What I see is what many people have noted over the years. Society is changing and the church is having a hard time changing with it. Some folks feel the solution is theological, others political. While there are certainly issues in these areas that need to be addressed, I tend to think of big problem as structural. The fact is, the church as an institution has become stiff and brittle. It cannot adapt to current situations as well as it used to. That sense of "we have always done it this way" is killing us.
It isn't theology alone that needs to adapt today. The way that we go about our business also needs changing. For example, we have church services at a time that is inconvenient for most people. Even the Saturday night times popular in some circles don't work for most folks. Our busy weeks make it hard to wake up for anything on Sunday other than the sacred duties of youth sports. I have serious issues with the Burbanian sports culture--just scroll down to my previous post. However, I also believe that we cannot speak to those folks who are not present. The same goes for Saturday night. People are tired and want some unstructured time. For many people (thanks to work, other activities and, yes, youth sports) this is the only time in their week when they don't have to go anywhere. Is it really pastoral to fill that block in, too?
In the future, if the church is to survive, it will need to find ways to go to where the people are. It will need to get back to its roots and work harder to fit into the communities it serves. Buildings and clergy may need to be put aside for some communities. For others they may be necessary but different in form and job description.
Ministers, I think, may ultimately be the a greater stumbling block than property. I have been thinking lately of the old "circuit-rider" model that was popular in the 18th and 19th centuries. We could do this today. In this model, clergy would have a series of communities that they would travel between throughout the week.
Now, of course, many ministers--myself included--have served "yoked" parishes. However, the job (after the careful counting of hours-per-congregation) has been pretty much the same as the one I have now with a single parish. What I envision is something different. I once suggested, for example, that one might serve a series of "house churches" as preacher and consultant and journey between them. Distance will be less of a problem than it was. Now we have cars, after all, so it cannot be as hard as riding a horse. We also have phones and email. There are fewer bandits. The problem, I think, would be congregational expectation. The job would be different. There would be less time. Ordained-and-trained clergy would be more like "bishops" addressing specific areas of church life and providing quality worship. Other things would fall to the members. Here we come against congregational expectations. A church--whether the minister serves for ten hours a week or sixty--often expects the exact same service from that minister. This is true even though these expectations may interfere with what could be a rich internal ministry of lay people reaching pastorally toward each each other.
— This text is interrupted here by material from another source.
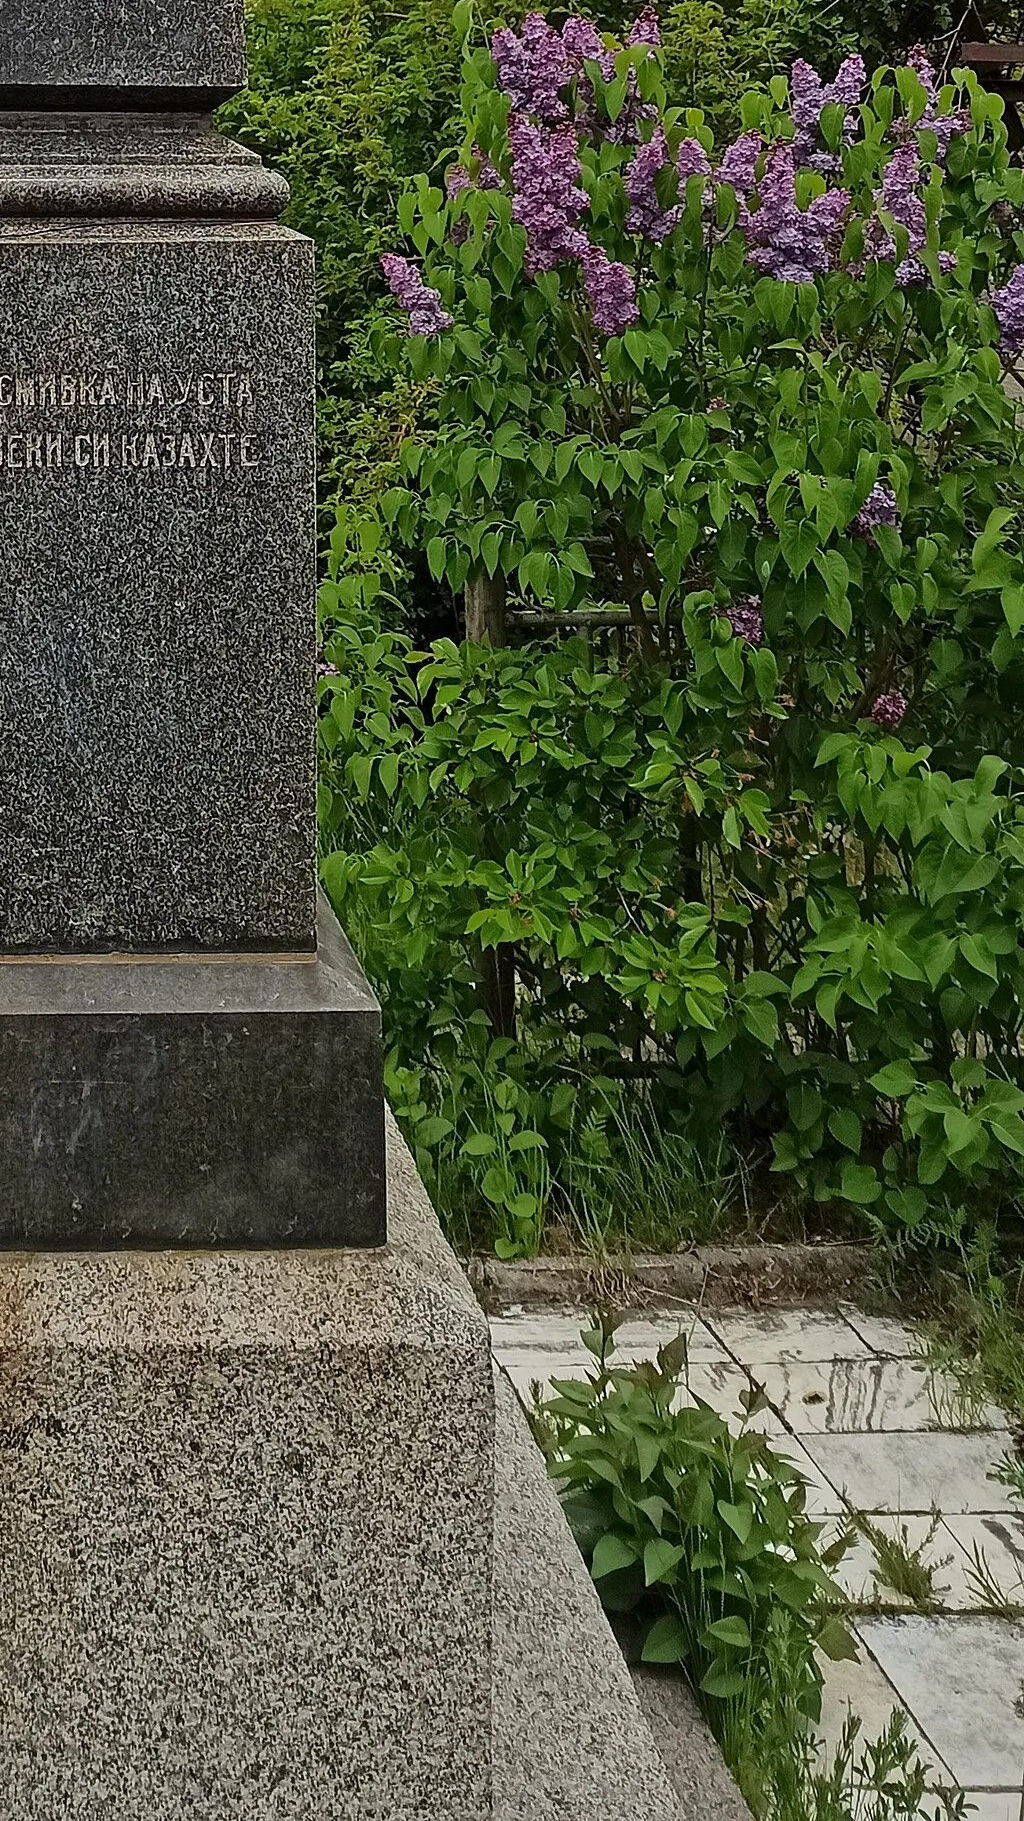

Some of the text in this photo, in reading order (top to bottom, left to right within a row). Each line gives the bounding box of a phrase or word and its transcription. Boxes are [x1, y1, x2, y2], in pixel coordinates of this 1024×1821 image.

[128, 373, 165, 406] НА
[176, 372, 254, 407] УСТА
[74, 432, 110, 467] СИ
[121, 431, 259, 467] КАЗАХТЕ
Well, that is all for now. When I have written about these subjects in the past, I have gotten some interesting responses and hope that I do again. For example, many ministers of churches that rent have assured me that it is not a walk in the park, either. Still, it is good to float ideas and see what, if anything makes sense for the institutional church. We are at a crossroads--in Burbania at least--and a new direction will be chosen for us if we do not choose one for ourselves.
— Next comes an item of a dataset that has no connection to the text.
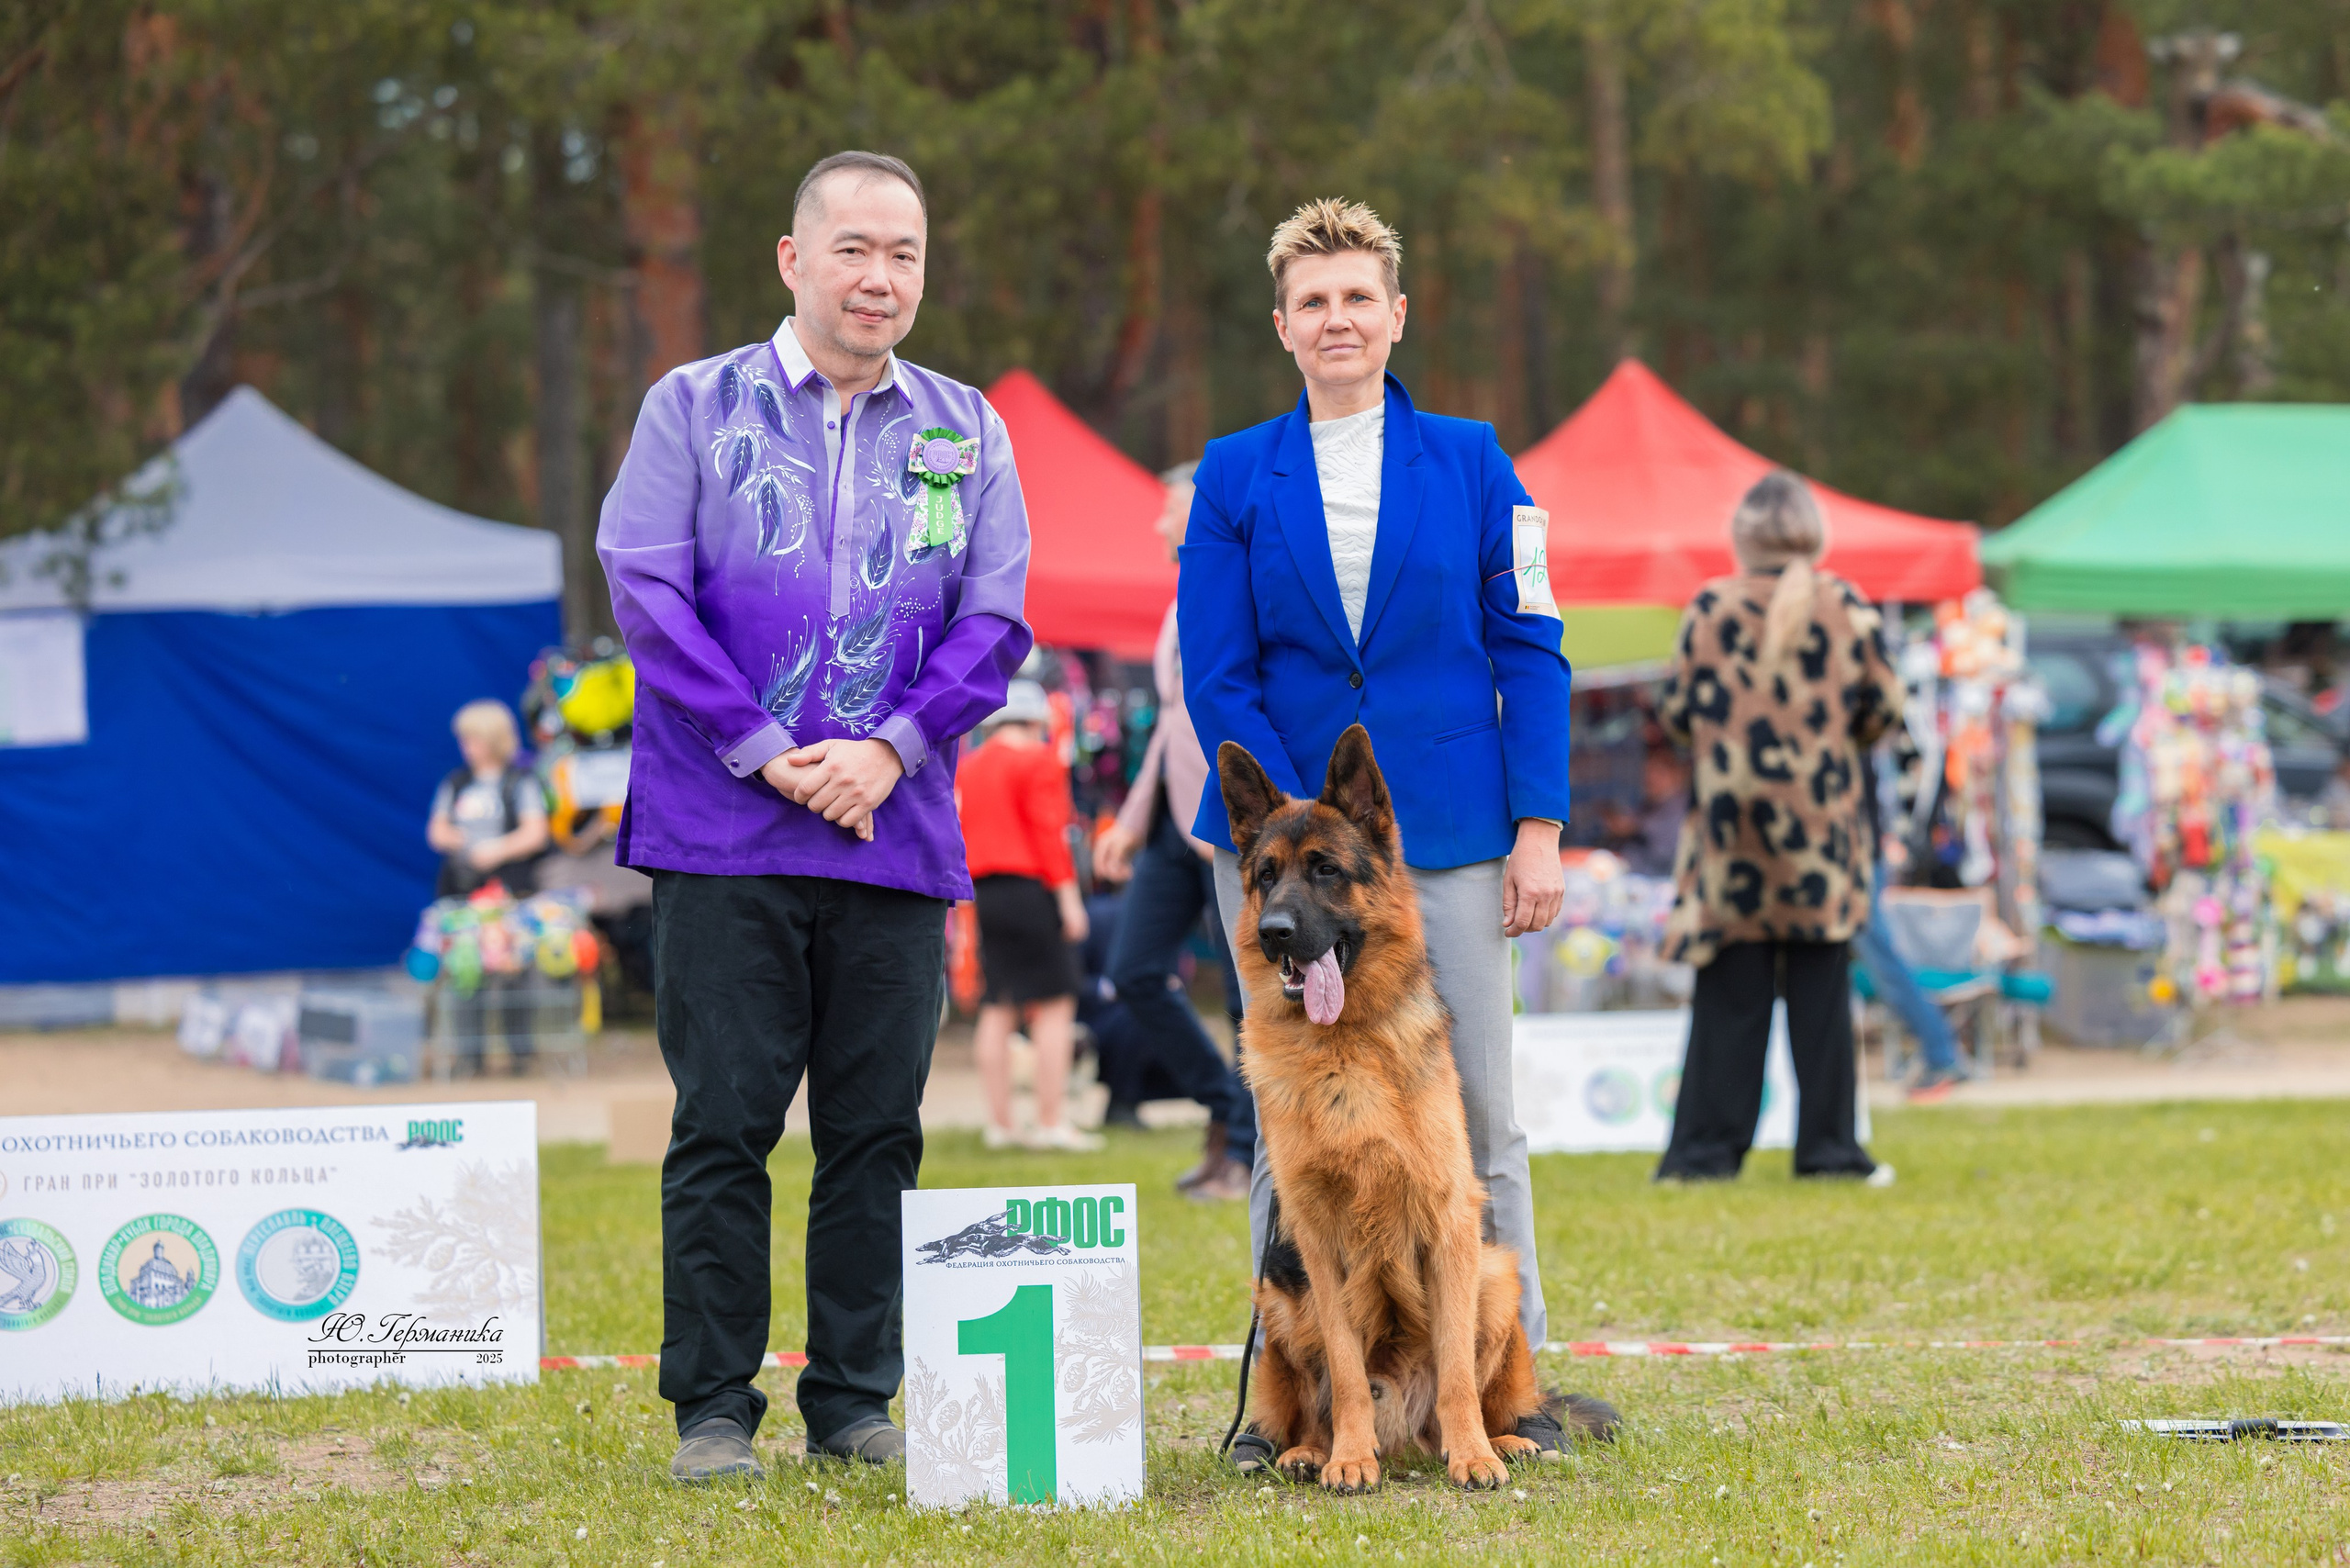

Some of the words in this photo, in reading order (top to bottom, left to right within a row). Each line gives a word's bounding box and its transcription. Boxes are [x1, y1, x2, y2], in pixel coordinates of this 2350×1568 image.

Seems to me there are a growing number of us interested in ideas like regional ministries, yoked parishes, a new incarnation of circuit-riding, etc. Do you know of anyplace online where there's an intentional conversation around these issues?
ReplyDeleteHey,
ReplyDeleteMy first blog was about these sorts of issues, but it is deceased. Also, topics such as this come up from time to time at "Boy in the Bands" (Scott Wells).
Scott is interested in church planting. Also Ron Robinson is doing some of the most creative work around these sorts of things a "Missional Progressives" and "The Welcome Table".
What the topic needs, however, is more of a forum and I don't know of anything out there yet (sigh).
If there was one, though, I would love to know about it!